La Cheffe de Délégation de l’Union européenne en Guinée fait ses valises. En exclusivité, l’Ambassadrice Jolita Pons a reçu La Lance pour dresser le bilan de ses trois ans.
Lorsque, le 30 septembre 2022, Jolita Pons remet au président de la transition, Mamadi Doumbouya, ses lettres de créances, la nouvelle Ambassadrice de l’UE en Guinée découvre le continent. Ses pas l’avaient jusque-là menée en Russie, à Hong Kong…mais jamais en Afrique. Elle arrive à Conakry, un an après le putsch contre Alpha Condé et donc avec « un mandat politique » consistant à accompagner un lent processus de retour à l’ordre constitutionnel.

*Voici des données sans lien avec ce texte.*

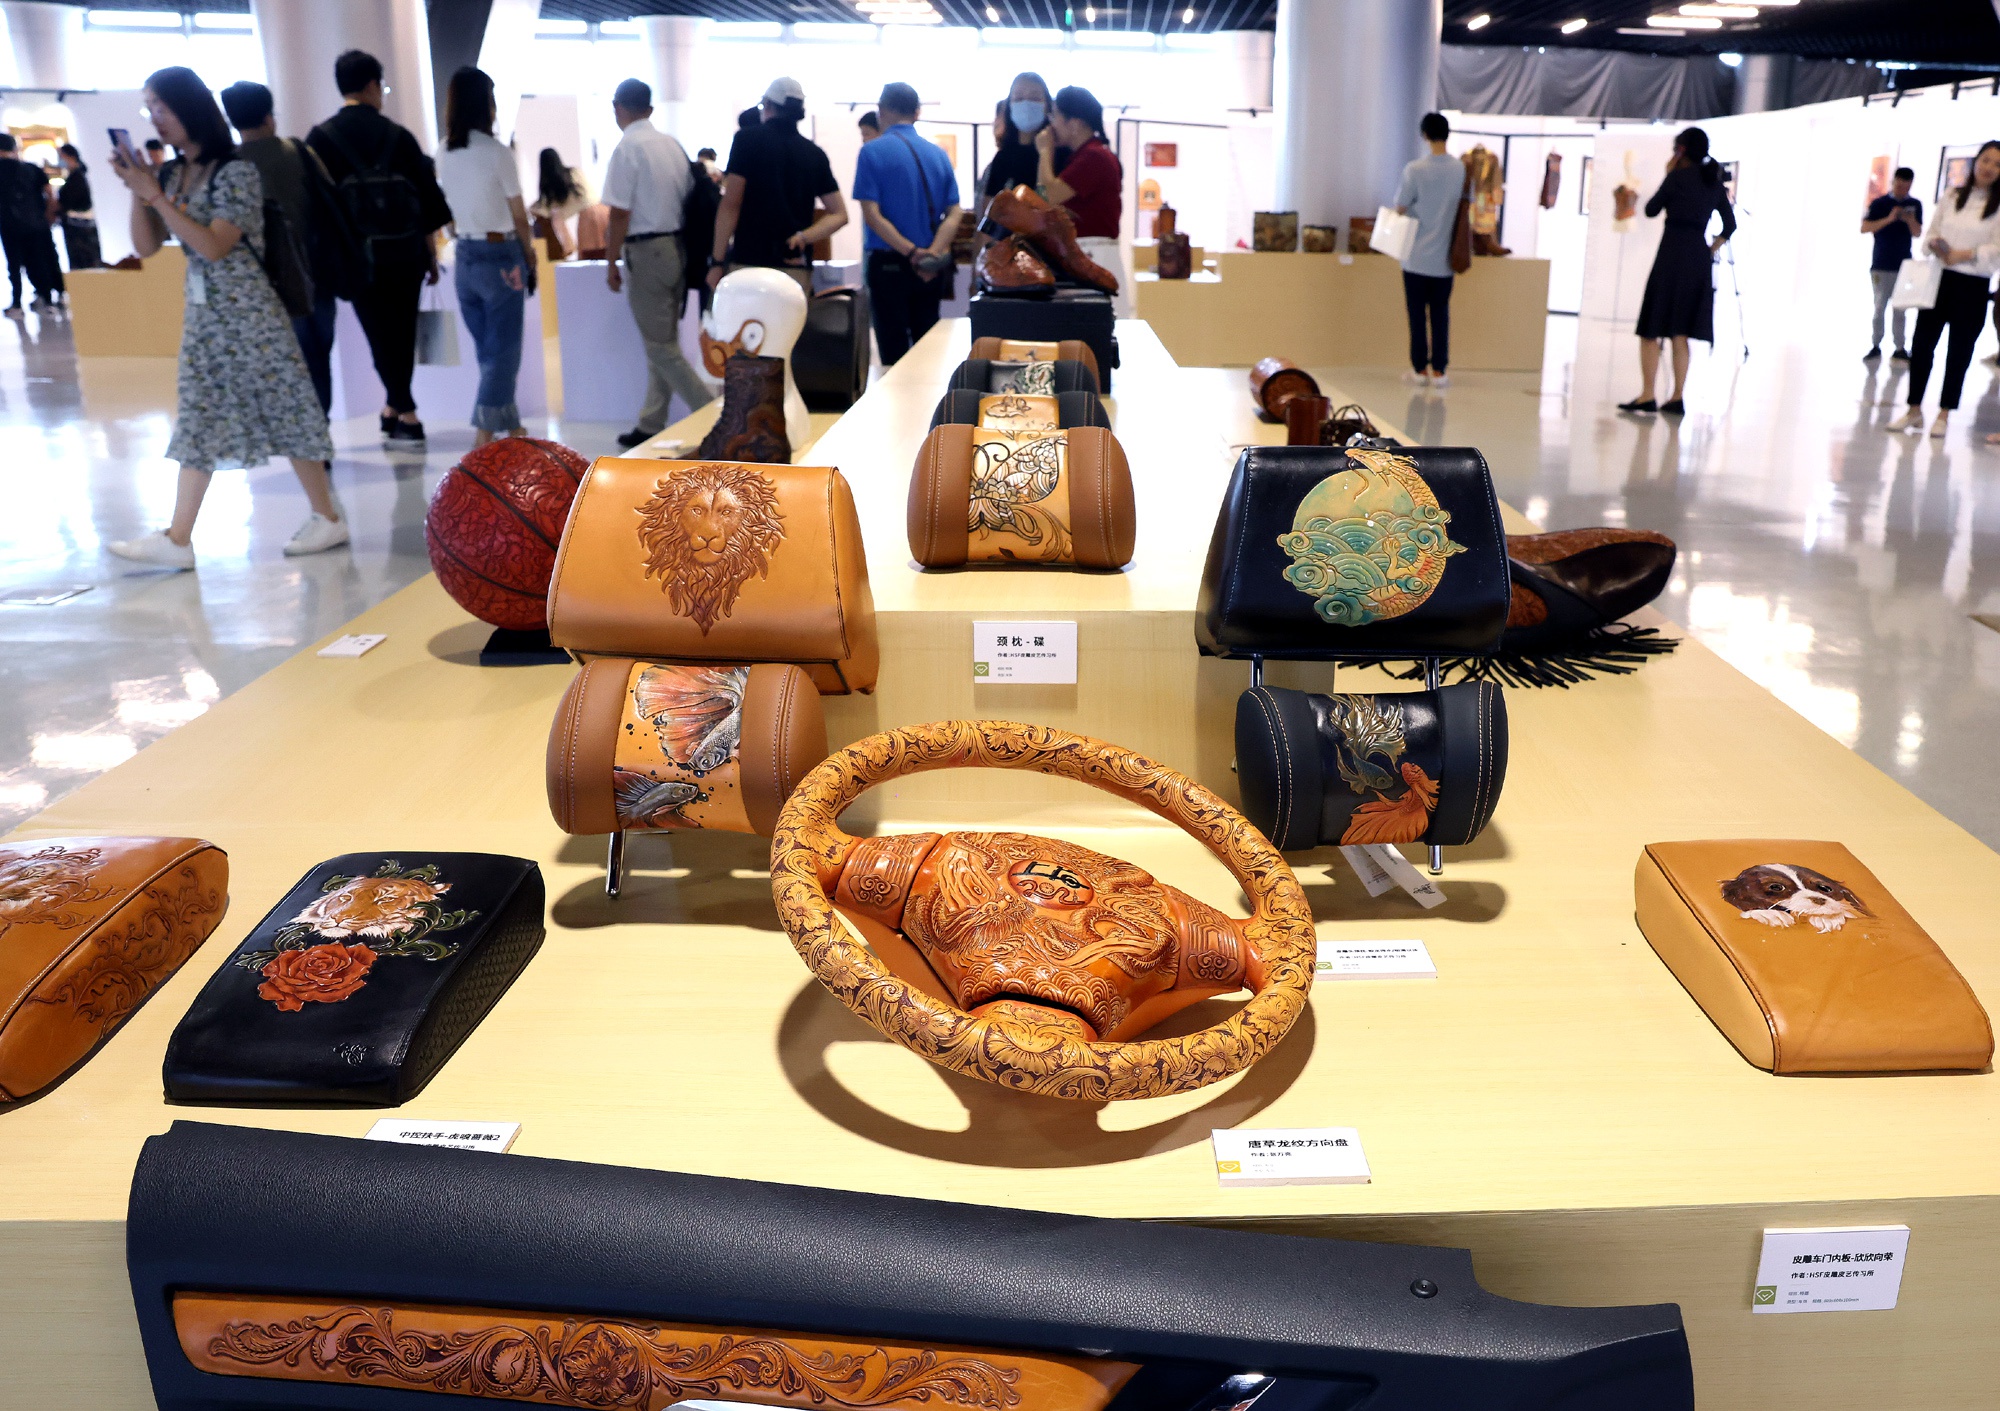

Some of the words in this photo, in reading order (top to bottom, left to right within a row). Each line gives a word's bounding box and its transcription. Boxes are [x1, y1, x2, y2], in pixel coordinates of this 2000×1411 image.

[1248, 1138, 1349, 1149] 唐草龙纹方向盘
[1792, 1251, 1894, 1265] 皮雕车门内板-欣欣向荣

Trois ans après, à l’heure de ses adieux, la diplomate lituanienne fait le bilan d’un « séjour agité », qui l’a conduite aux quatre coins de la Guinée, dont elle garde des bons souvenirs. Dans cet entretien exclusif qu’elle a bien voulu accorder à notre journal, il est question de politique, de droits humains…mais également de développement économique, surtout d’assainissement : l’Union européenne étant le « premier partenaire » au développement de la Guinée avec une enveloppe financière d’environ 700 millions d’euros ces trois dernières années.

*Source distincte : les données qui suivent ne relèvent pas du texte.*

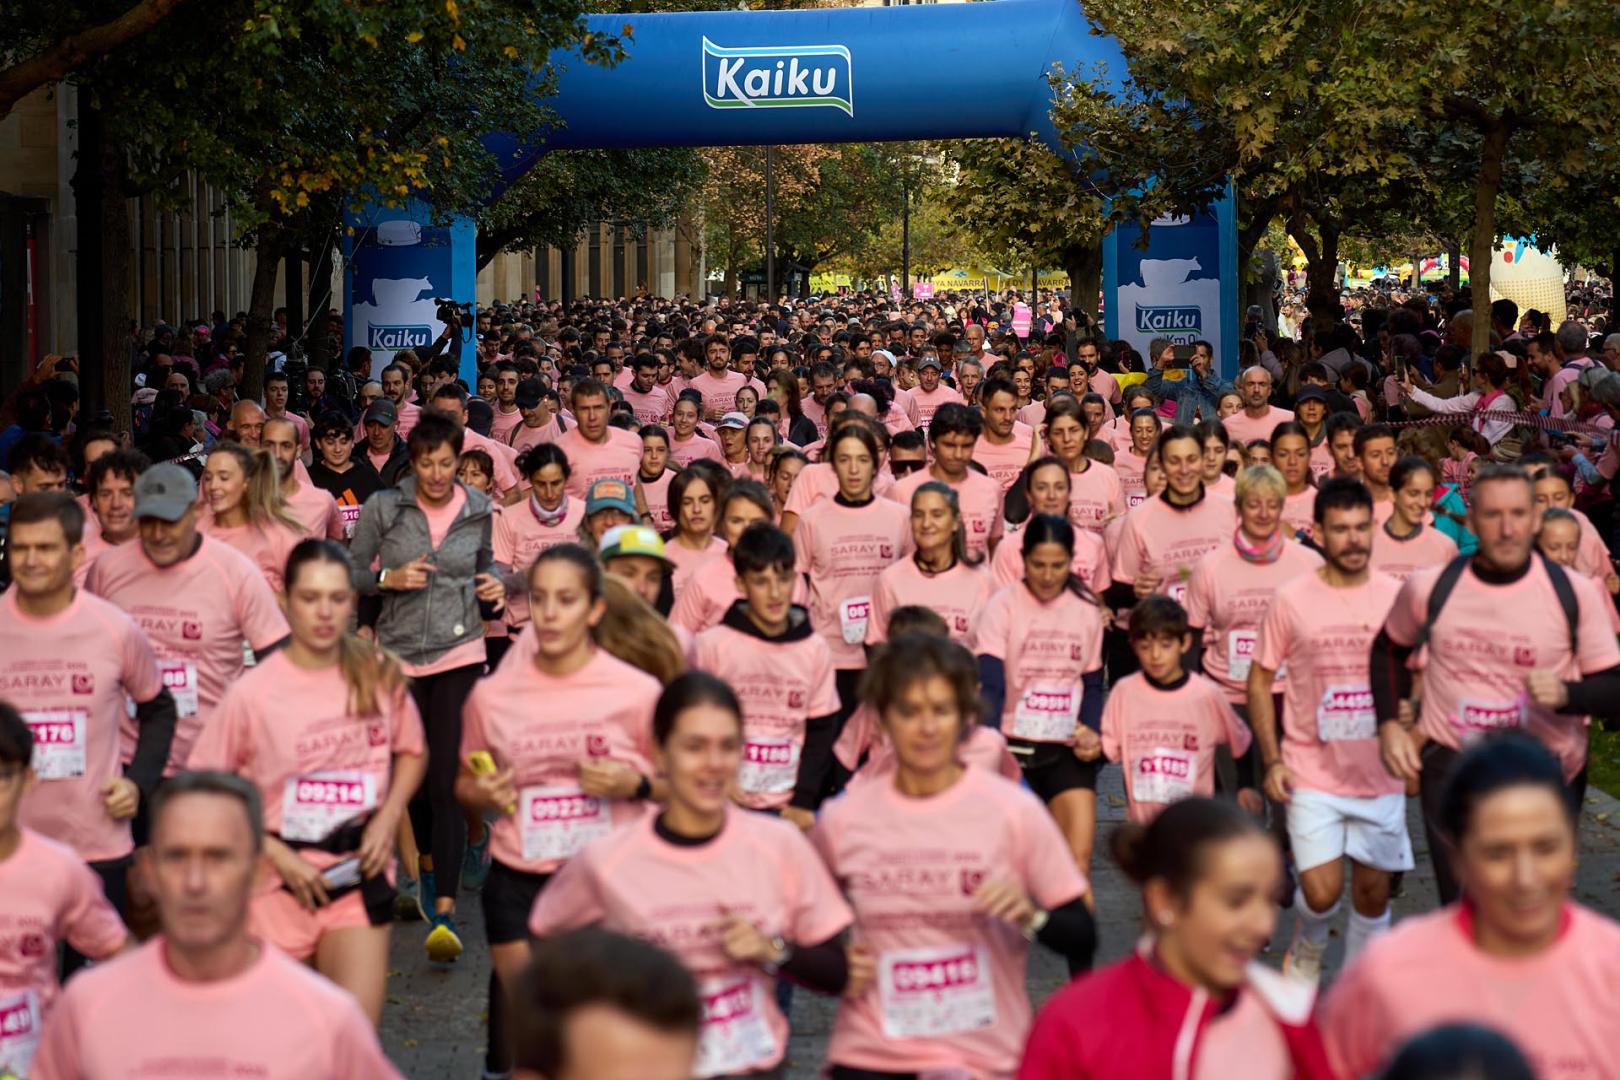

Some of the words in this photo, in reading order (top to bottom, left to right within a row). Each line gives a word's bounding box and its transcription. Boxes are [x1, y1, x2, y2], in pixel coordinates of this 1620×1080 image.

[717, 57, 836, 106] Kaiku
[1140, 310, 1196, 333] Kaiku
[372, 328, 426, 351] Kaiku
[990, 471, 1015, 479] ARAY
[831, 544, 876, 555] SARAY
[1163, 547, 1209, 562] SARAY
[1228, 600, 1269, 609] SARA
[141, 618, 177, 631] RAY
[297, 780, 363, 804] 09214

La Lance : La Guinée a été votre premier poste d’ambassadeur en Afrique. Trois ans après, quelle expérience en tirez-vous ?
Jolita Pons : La Guinée, c’est un pays de nombreux défis. L’expérience était assez spéciale : je découvrais le continent, la Guinée qui était à une période spéciale de son histoire, en transition. J’ai dû apprendre beaucoup de choses, sur la société guinéenne, les ambitions du pays, le mode de communication : on vient tous de milieux différents. C’était un grand apprentissage.
J’ai effectué plusieurs déplacements à travers le pays. C’est une partie de mon travail que j’ai beaucoup aimée, qui consiste à visiter nos nombreux projets. Je suis allée partout : à Kankan, Faranah, en Guinée forestière, Mamou, Labé, Boké, Forécariah…C’est un très beau pays, avec des régions diverses. Échanger avec les Guinéens de l’arrière-pays a été très enrichissant.

Vous êtes arrivée dans un contexte politique difficile. Comment ont été vos relations avec les autorités de transition ?
On a des très bonnes relations de travail. Je suis arrivée avec un mandat politique de l’Union européenne qui est d’accompagner le processus de transition vers le retour à l’ordre constitutionnel. C’était l’instruction principale qui guidait notre travail. On pouvait s’attendre à ce qu’il soit difficile de travailler avec les autorités, mais ce n’était pas le cas en ce sens que j’ai été bien accueillie. Nous avons bien mené nos projets de coopération. Bien entendu, il y a parfois des difficultés qu’on doit surmonter. Mais globalement, tout s’est bien passé. On n’a pas pu faire tout en termes d’accompagnement pour le retour à l’ordre constitutionnel. Comme vous le savez, la concrétisation des plans a connu un peu de retard. On a quand-même réussi à mener des actions.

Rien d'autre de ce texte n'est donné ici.